Is hydrocharis morsus-ranae toxic to cats and dogs?
Hydrocharis morsus-ranae is mildly toxic to pets. Hydrocharis morsus-ranae is not individually listed on the ASPCA Toxic/Non-Toxic Plants database, so its pet status is uncertain. While not reported as a significant toxin, treat it as a non-food plant, discourage pets from eating it, and verify with a vet if ingestion is suspected.
What USDA hardiness zone does hydrocharis morsus-ranae grow in?
Hydrocharis morsus-ranae is rated for USDA zone 5-10 (outdoor pond) and RHS hardiness H5. Outside that range, grow it as a container plant that overwinters indoors before the first hard frost.
Hydrocharis morsus-ranae deep-dive guides
Every aspect of hydrocharis morsus-ranae care, each with its own calibrated guide:
- Hydrocharis morsus-ranae watering schedule
- Hydrocharis morsus-ranae light requirements
- Best soil mix for hydrocharis morsus-ranae
- Hydrocharis morsus-ranae fertilizing guide
- When to repot hydrocharis morsus-ranae
- How to propagate hydrocharis morsus-ranae
- Hydrocharis morsus-ranae growth rate & size
- Hydrocharis morsus-ranae cold hardiness
- Hydrocharis morsus-ranae temperature & humidity
- Is hydrocharis morsus-ranae toxic to cats & dogs?
- Is hydrocharis morsus-ranae toxic to cats?
- Is hydrocharis morsus-ranae toxic to dogs?
- Getting hydrocharis morsus-ranae to bloom
Featured in these plant shortlists
Hydrocharis morsus-ranae qualifies for 5 curated Growli shortlists — each one filtered objectively from our structured plant-care library, so the selection is consistent and checkable:
- Best flowering houseplants — Indoor plants grown for their blooms — selected from the flowering species in Growli’s plant-care library.

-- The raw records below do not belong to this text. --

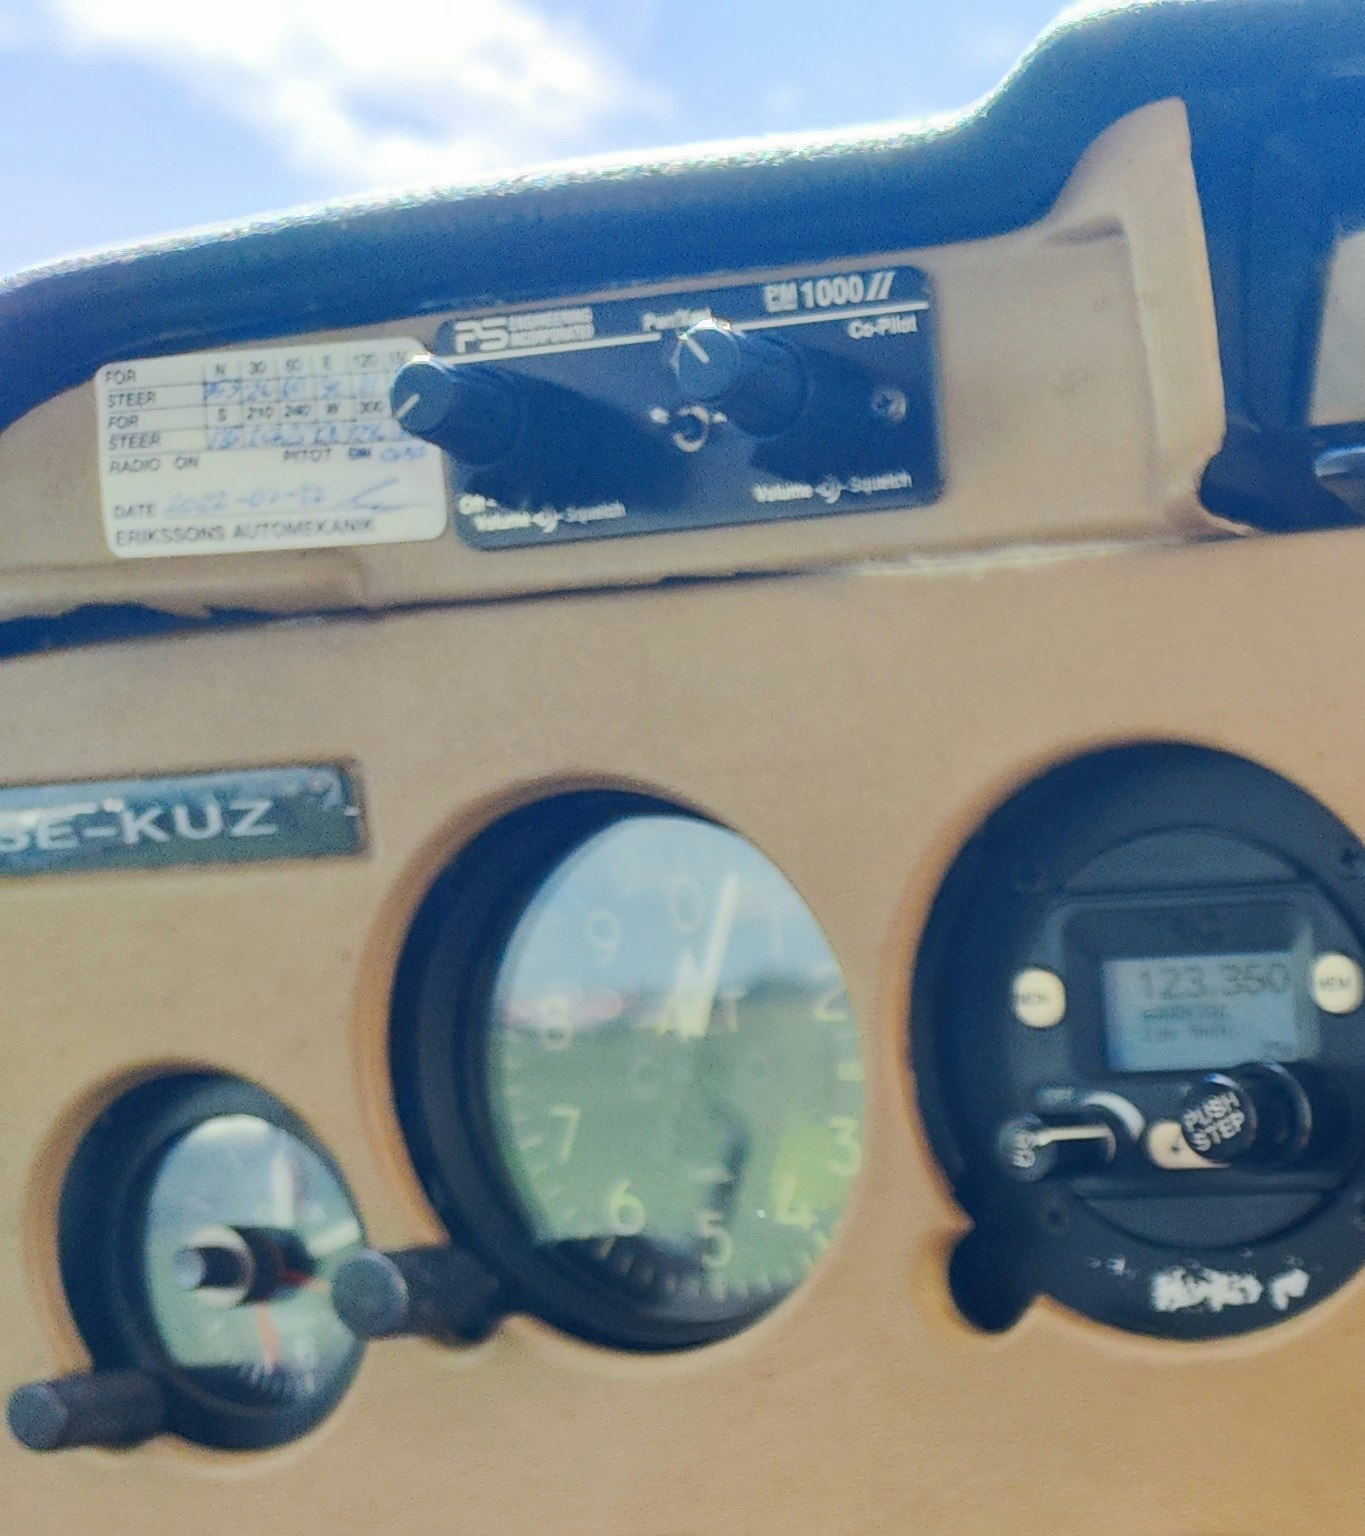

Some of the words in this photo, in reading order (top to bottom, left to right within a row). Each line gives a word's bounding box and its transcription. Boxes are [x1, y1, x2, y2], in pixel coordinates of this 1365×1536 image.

[800, 274, 866, 311] 1000
[453, 318, 511, 355] PS
[846, 314, 919, 341] Co-Pilot
[104, 369, 137, 387] FOR
[106, 391, 157, 409] STEER
[106, 413, 140, 431] FOR
[107, 433, 162, 451] STEER
[282, 447, 333, 464] PITOT
[109, 457, 162, 474] RADIO
[174, 454, 200, 470] ON
[111, 502, 157, 521] DATE
[115, 522, 227, 547] ERIKSSONS
[232, 516, 376, 541] AUTOMEKANIK
[1181, 1091, 1242, 1134] PUSH
[550, 1104, 583, 1164] 7
[828, 1115, 863, 1179] 3
[1188, 1108, 1247, 1152] STEP
[608, 1177, 648, 1238] 6
[773, 1173, 820, 1230] 4
[699, 1209, 734, 1268] 5

- Best small & tabletop houseplants — Compact houseplants that stay under about 40 cm — desk, shelf and windowsill plants that never outgrow a small space.
- Best houseplants for full sun — Houseplants that want direct sun — the species for a hot south or west-facing windowsill where shade-lovers scorch.
- Best houseplants for a cool room — Houseplants that tolerate cool conditions down to about 10°C — for an unheated spare room, hallway, porch or a home kept cool.
- Best fast-growing houseplants — Houseplants documented as fast or vigorous growers — quick to fill a pot, cover a pole or trail down a shelf.
- Browse all 29 plant shortlists — pet-safe, low-light, drought-tolerant and more
Related guides
Hydrocharis morsus-ranae is also known as Frogbit, Common Frogbit, and European Frogbit.